I know I should consider myself lucky to have located anybody at all in the United States who opposes the latest $40 billion “for Ukraine.” But from both the right and the left, those who oppose it almost universally express resentment of spending money “on Ukraine” instead of keeping that money in the US of A or spending it on “Americans.”
By David Swanson
The first problem with this is a factual one. The vast majority of that money will never leave the U.S. The biggest chunk of it is for U.S. weapons dealers. Some is even for U.S. troops (in a war they’re supposedly not fighting in).
The second problem is that arming Ukraine with endless weapons (even the New York Times just editorialized that, at some future point, some limit should be set) doesn’t benefit Ukraine. It prevents a ceasefire and negotiations, prolonging a catastrophic war. Next to the Russian invasion, the U.S. weapons shipments are the worst thing that’s happened to Ukraine lately.
The third problem is that Ukraine is not an island. The crop destruction will create famines around the globe. The damage to cooperation on climate, disease, poverty, and disarmament impacts everyone. The risk of nuclear apocalypse is ours to share. The sanctions are hurting us all.
But those are the minor problems. Or at least they don’t offend me as much as another problem that builds on the misunderstanding of those first three. I’m referring to the problem of greed. Not the greed of the weapons dealers and lobbyists. I mean the greed of the people outraged at supposed help for Ukraine when the U.S. needs baby formula, the greed of the caller to a radio show I was on this morning who demanded that we have a public referendum before sending any money overseas, the greed of the peaceniks with shirts reading “Bring Our War Dollars Home.”

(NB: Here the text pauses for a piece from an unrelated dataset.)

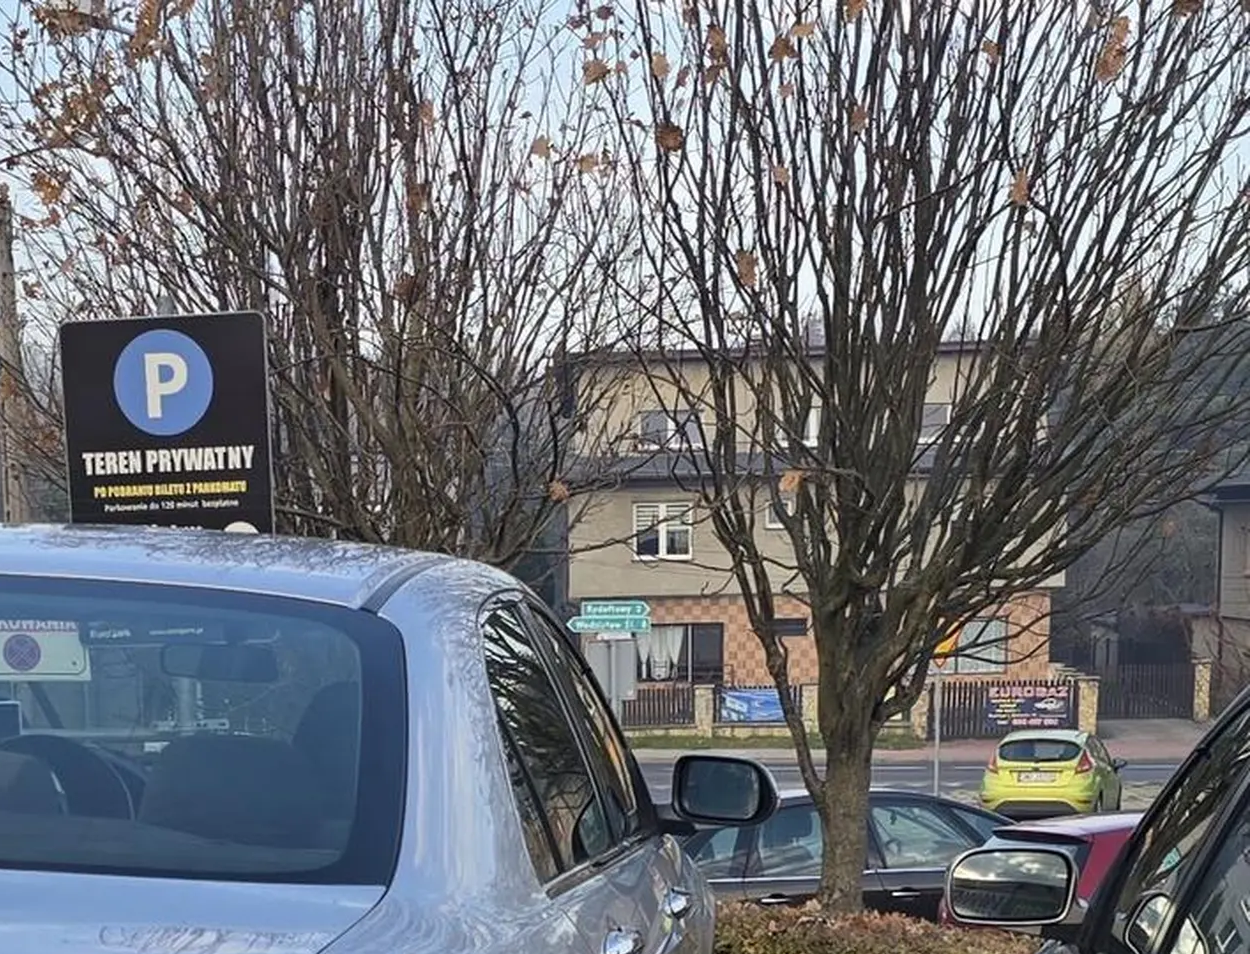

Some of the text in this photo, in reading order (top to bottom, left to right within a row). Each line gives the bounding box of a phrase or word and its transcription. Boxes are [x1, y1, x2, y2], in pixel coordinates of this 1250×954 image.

[144, 352, 188, 419] P
[82, 445, 254, 476] TEREN PRYWATNY
[94, 486, 107, 498] PO

How is that greed? Isn’t that enlightened humanitarianism? Isn’t that democracy? No, democracy would be having a public referendum on spending money anywhere, on giving tens of billions of dollars in tax scams to the super rich, on handing $75 billion a year over to Lockheed Martin. Democracy would be a Ludlow Amendment (a public referendum before any war) — or compliance with the laws that forbid war. Democracy is not a corporate free-for-all limited only when it comes to “helping” anyone abroad.
The whole world needs food and water and housing. And the funds exist to give those things to the world including the United States. There is no need to be greedy.
The U.N. says $30 billion a year would end starvation on Earth. Take the latest $40 billion from war and put it into preventing starvation. The other $10 billion would be nearly enough to give the whole world (yes, including Michigan) clean drinking water. Getting greedy about money on behalf of a national flag is not just a little bit warlike, but also suggests a failure to grasp how much money goes into war. In the U.S. alone it’s over $1.25 trillion a year — enough to transform the lives of all of us in every country.
It’s also worth considering that the country responsible for providing the rest of the world (as well as itself) with basic services — rather than bases and weapons and trainers of oppressive thugs — would be far more protected from foreign attack than the resident of the world’s deepest bunker. The safest way to handle enemies is to not create them in the first place.
Our cry should not be “Spend the money on this little group of people!”
Our cry should be “Move the money from war and destruction to the needs of people and planet!”